§ **TASK TO CARRY OUT**
Copy the data below exactly. Any pictures in it should be omitted.

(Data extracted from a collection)
Start of Block
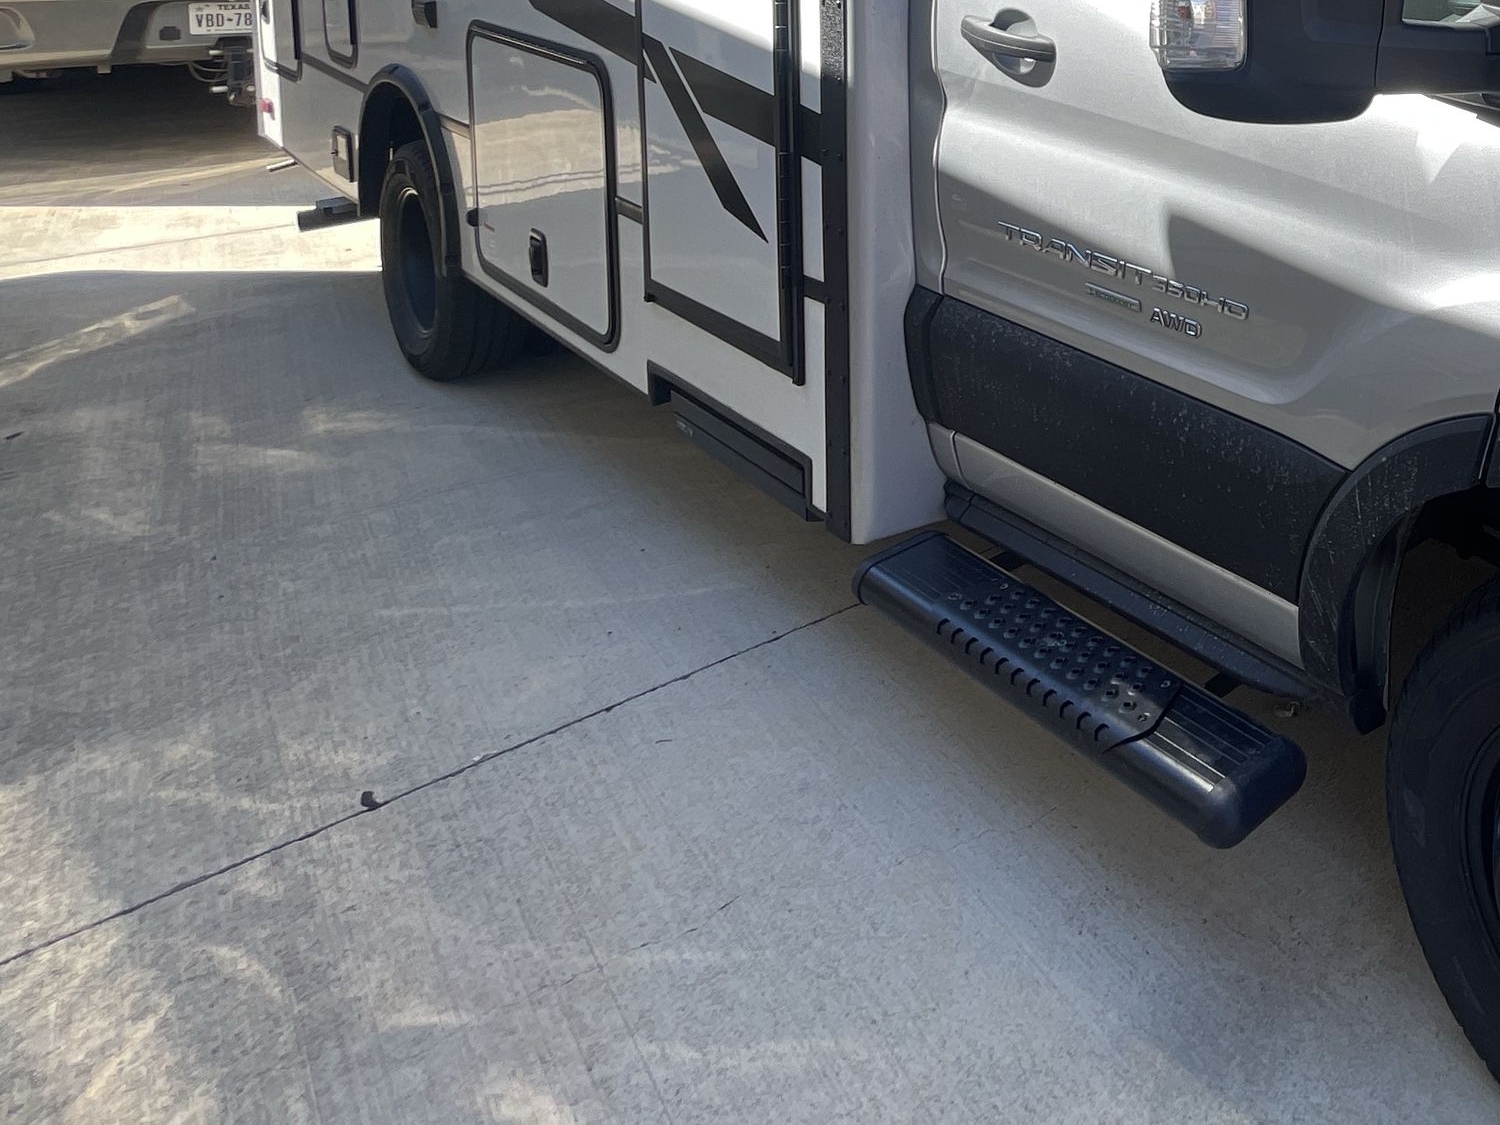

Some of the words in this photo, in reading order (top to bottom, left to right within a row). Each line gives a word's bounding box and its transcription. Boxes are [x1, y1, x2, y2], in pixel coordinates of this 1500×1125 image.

[217, 3, 250, 11] TEXAS
[997, 220, 1152, 285] TRANSIT
[1151, 274, 1249, 321] 350HD
[1150, 306, 1203, 339] AWD
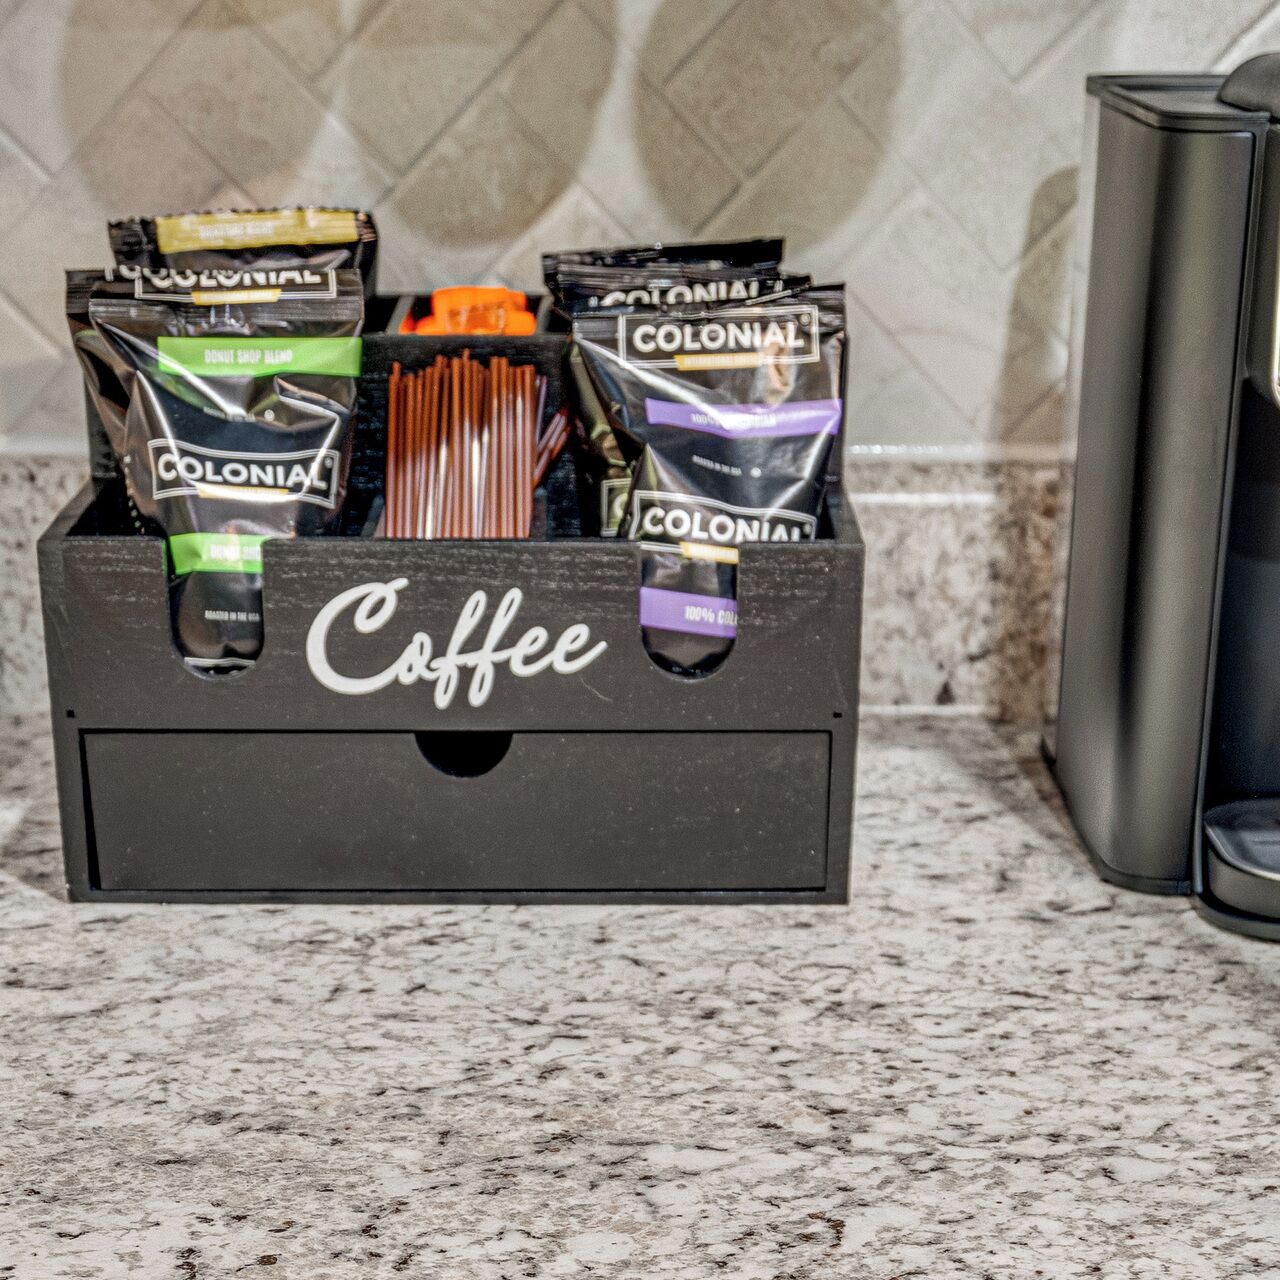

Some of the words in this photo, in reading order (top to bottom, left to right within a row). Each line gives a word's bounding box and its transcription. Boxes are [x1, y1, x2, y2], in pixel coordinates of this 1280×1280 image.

[633, 321, 805, 353] COLONIAL
[204, 349, 234, 366] DONUT
[237, 349, 262, 366] SHOP
[263, 349, 294, 366] BLEND
[158, 452, 328, 490] COLONIAL
[642, 506, 801, 543] COLONIAL
[685, 605, 715, 623] 100%
[306, 577, 608, 710] Coffee
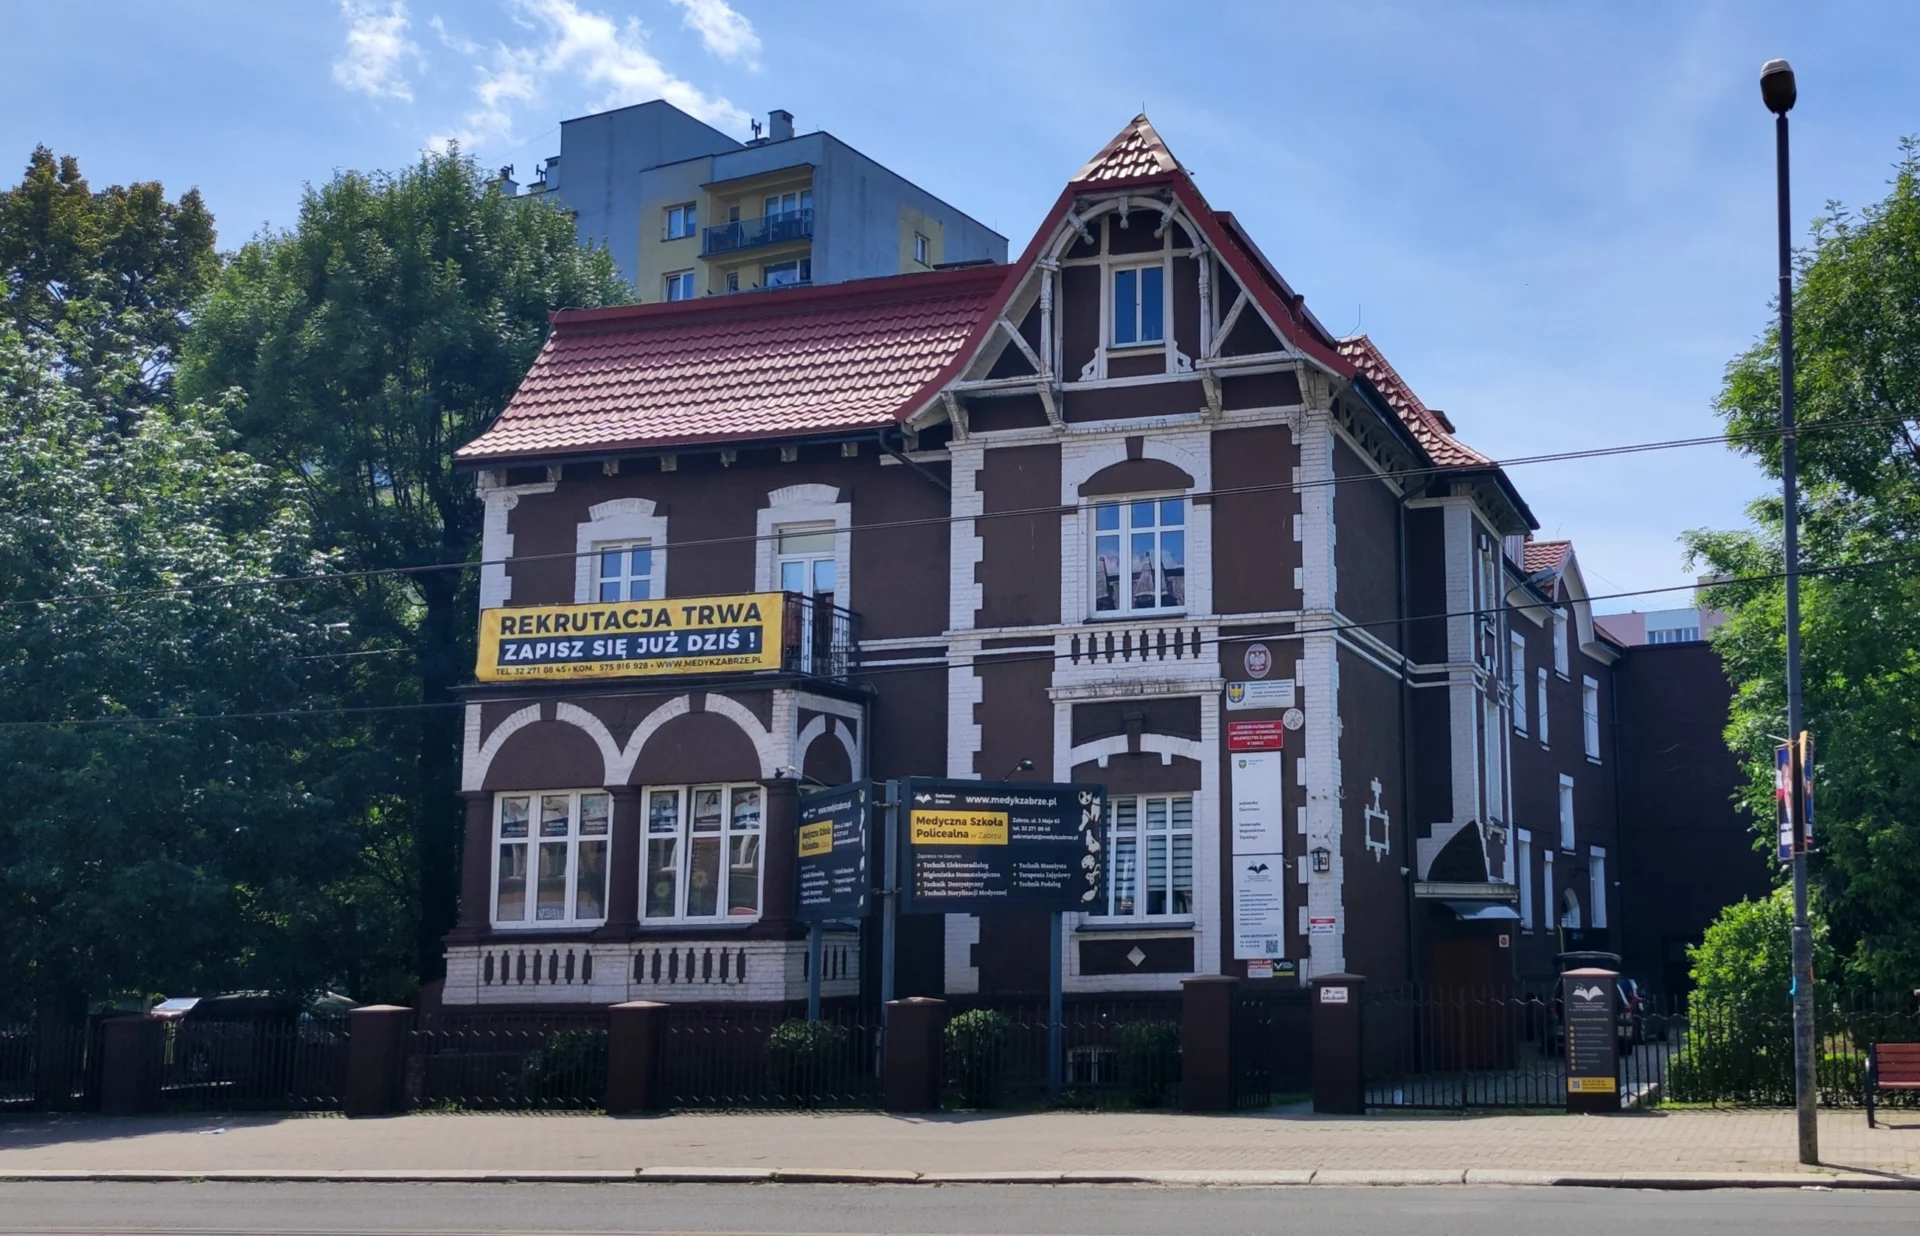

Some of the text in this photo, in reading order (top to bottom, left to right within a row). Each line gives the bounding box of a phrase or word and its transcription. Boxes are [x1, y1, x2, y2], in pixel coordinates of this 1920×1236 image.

[500, 602, 762, 636] REKRUTACJA TRWA
[504, 628, 755, 660] ZAPISZ SIĘ JUŻ DZIŚ !
[527, 667, 540, 675] 271
[556, 665, 567, 673] 45
[573, 664, 594, 672] KOM.
[634, 661, 648, 669] 928
[656, 656, 762, 669] WWW.MEDYKZABRZE.PL
[965, 796, 1057, 807] www.medykzabrze.pl
[916, 816, 1004, 827] Medyczna Szkoła
[916, 828, 969, 838] Policealna
[978, 831, 1002, 839] Zabrzu
[947, 861, 989, 870] Elektroradiolog
[923, 871, 1000, 879] Higienistka Stomatologiczna
[979, 889, 1007, 897] Medycznej
End of Block
§ **SOLUTION TO THIS PROBLEM**
Some of the words in this photo, in reading order (top to bottom, left to right within a row). Each line gives a word's bounding box and its transcription. Boxes are [x1, y1, x2, y2], in pixel coordinates of this 1500×1125 image.

[217, 3, 250, 11] TEXAS
[997, 220, 1152, 285] TRANSIT
[1151, 274, 1249, 321] 350HD
[1150, 306, 1203, 339] AWD

Some of the words in this photo, in reading order (top to bottom, left to right within a row). Each line gives a word's bounding box and its transcription. Boxes are [x1, y1, x2, y2], in pixel coordinates of this 1280×1280 image.

[633, 321, 805, 353] COLONIAL
[204, 349, 234, 366] DONUT
[237, 349, 262, 366] SHOP
[263, 349, 294, 366] BLEND
[158, 452, 328, 490] COLONIAL
[642, 506, 801, 543] COLONIAL
[685, 605, 715, 623] 100%
[306, 577, 608, 710] Coffee

Some of the text in this photo, in reading order (top to bottom, left to right within a row). Each line gives the bounding box of a phrase or word and its transcription. Boxes are [x1, y1, x2, y2], in pixel coordinates of this 1920×1236 image.

[500, 602, 762, 636] REKRUTACJA TRWA
[504, 628, 755, 660] ZAPISZ SIĘ JUŻ DZIŚ !
[527, 667, 540, 675] 271
[556, 665, 567, 673] 45
[573, 664, 594, 672] KOM.
[634, 661, 648, 669] 928
[656, 656, 762, 669] WWW.MEDYKZABRZE.PL
[965, 796, 1057, 807] www.medykzabrze.pl
[916, 816, 1004, 827] Medyczna Szkoła
[916, 828, 969, 838] Policealna
[978, 831, 1002, 839] Zabrzu
[947, 861, 989, 870] Elektroradiolog
[923, 871, 1000, 879] Higienistka Stomatologiczna
[979, 889, 1007, 897] Medycznej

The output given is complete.